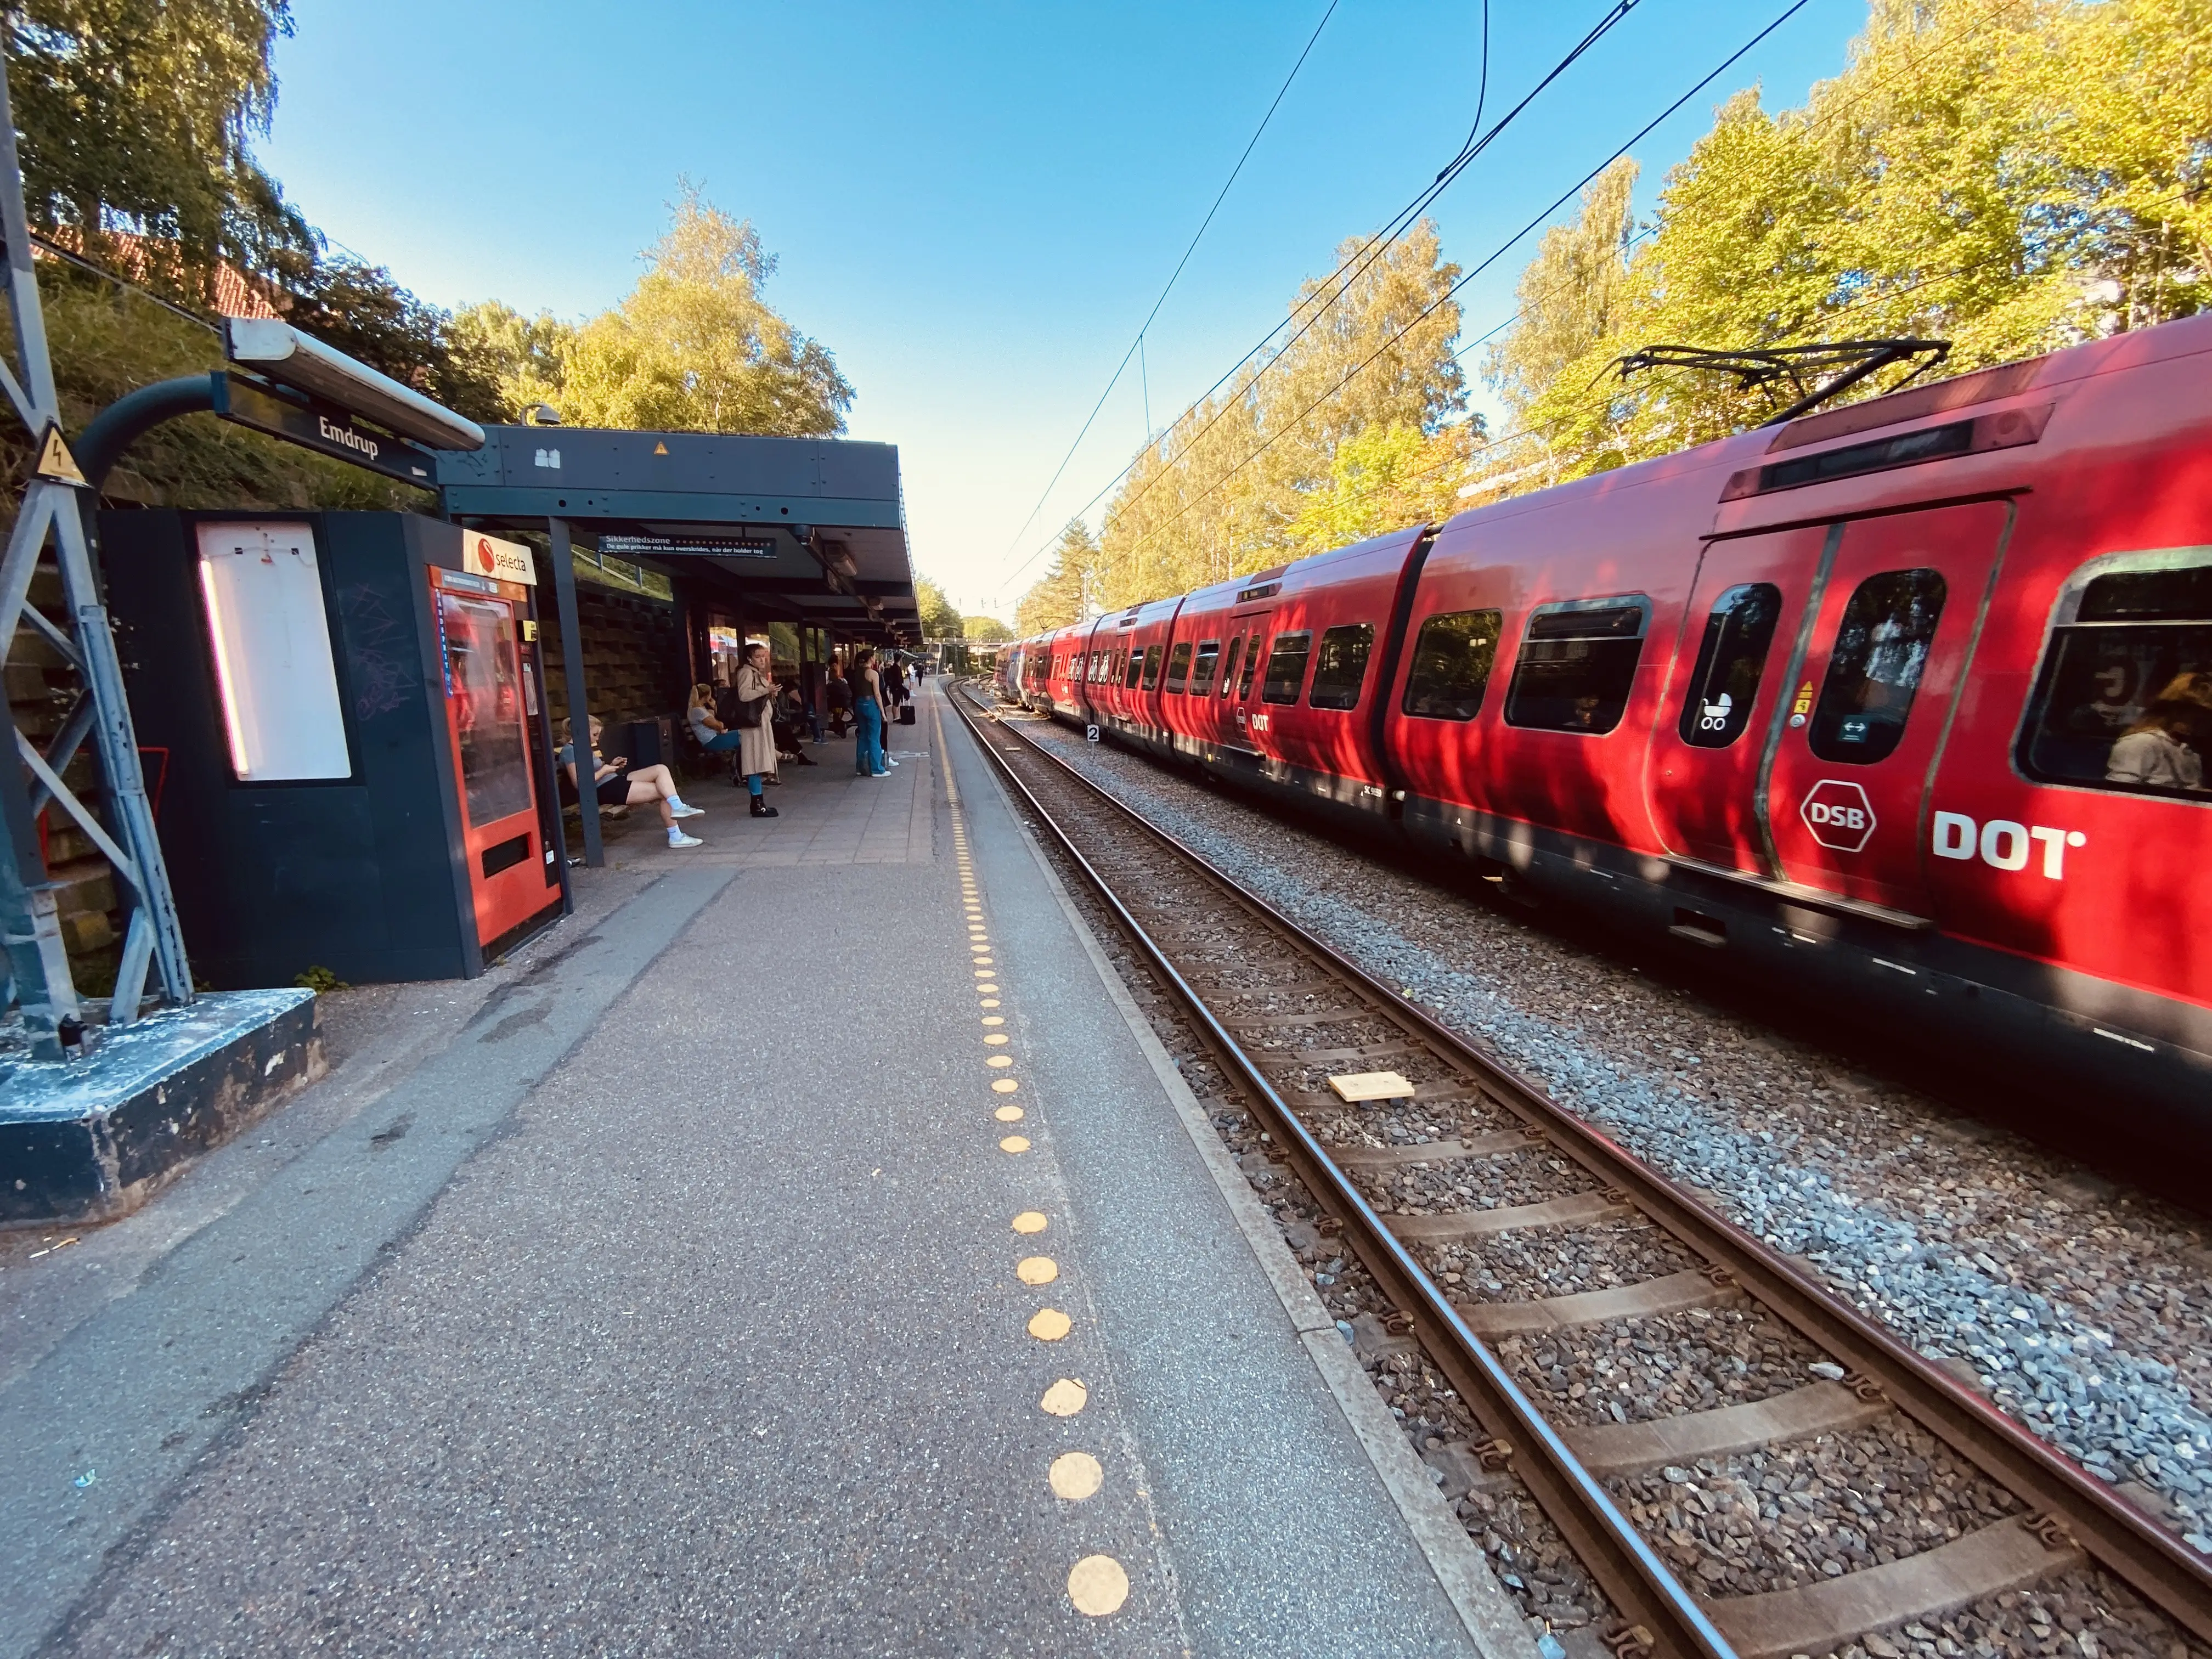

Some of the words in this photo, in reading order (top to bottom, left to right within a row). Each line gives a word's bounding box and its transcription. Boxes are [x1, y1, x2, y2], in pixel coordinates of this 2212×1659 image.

[319, 415, 379, 460] Emdrup
[606, 535, 671, 544] Sikkerhedszone
[496, 552, 527, 572] selecta
[1252, 713, 1269, 732] DOT
[1088, 727, 1098, 740] 2
[1810, 803, 1865, 831] DSB
[1932, 810, 2086, 880] DOT
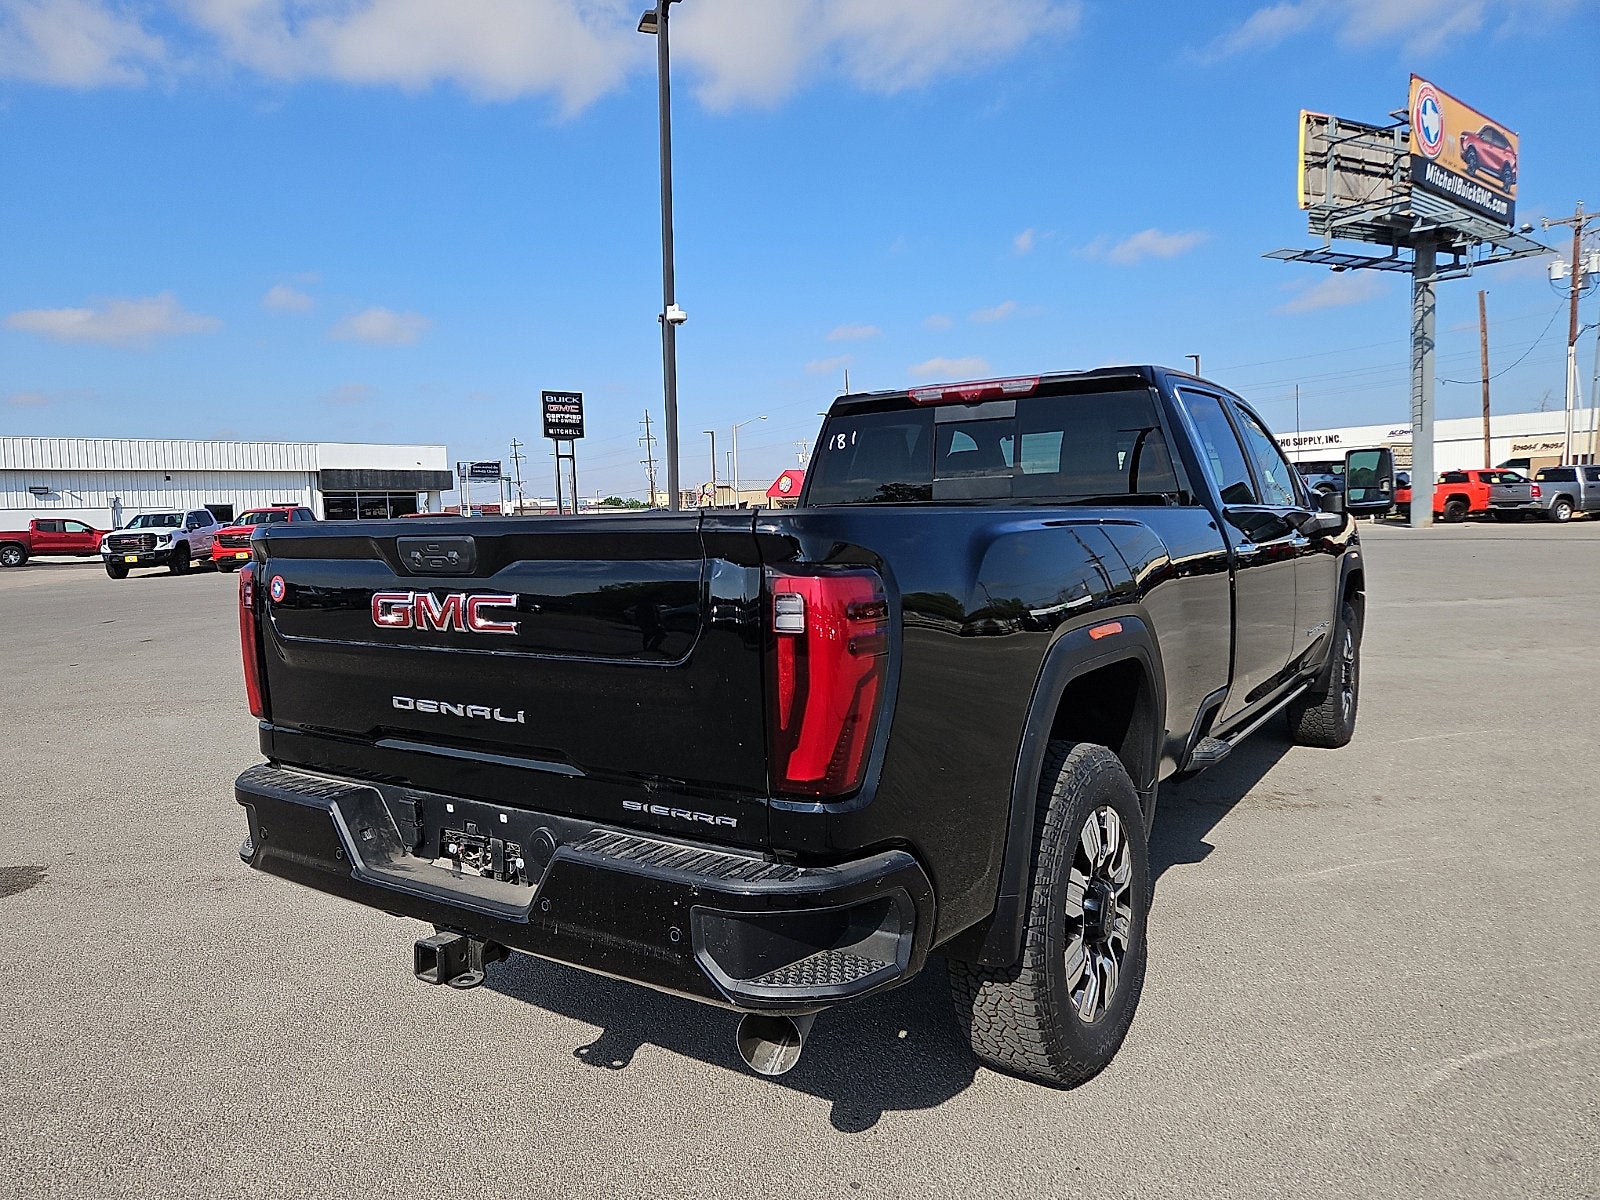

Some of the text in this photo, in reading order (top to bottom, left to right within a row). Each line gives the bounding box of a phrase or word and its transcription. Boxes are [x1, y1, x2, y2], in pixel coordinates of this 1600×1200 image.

Aim of the task:
Transcribe each line above verbatim, with the pictures left out.

Written solution:
Some of the words in this photo, in reading order (top to bottom, left to right within a row). Each line gives a word's bounding box and its transcription. Boxes are [x1, y1, x2, y2], in pixel coordinates of this 2212×1659 image.

[319, 415, 379, 460] Emdrup
[606, 535, 671, 544] Sikkerhedszone
[496, 552, 527, 572] selecta
[1252, 713, 1269, 732] DOT
[1088, 727, 1098, 740] 2
[1810, 803, 1865, 831] DSB
[1932, 810, 2086, 880] DOT

Some of the text in this photo, in reading order (top to bottom, left to right within a row). Each line gives the bounding box of a phrase or word and its transcription. Boxes are [x1, y1, x2, y2], in pixel coordinates of this 1600×1200 image.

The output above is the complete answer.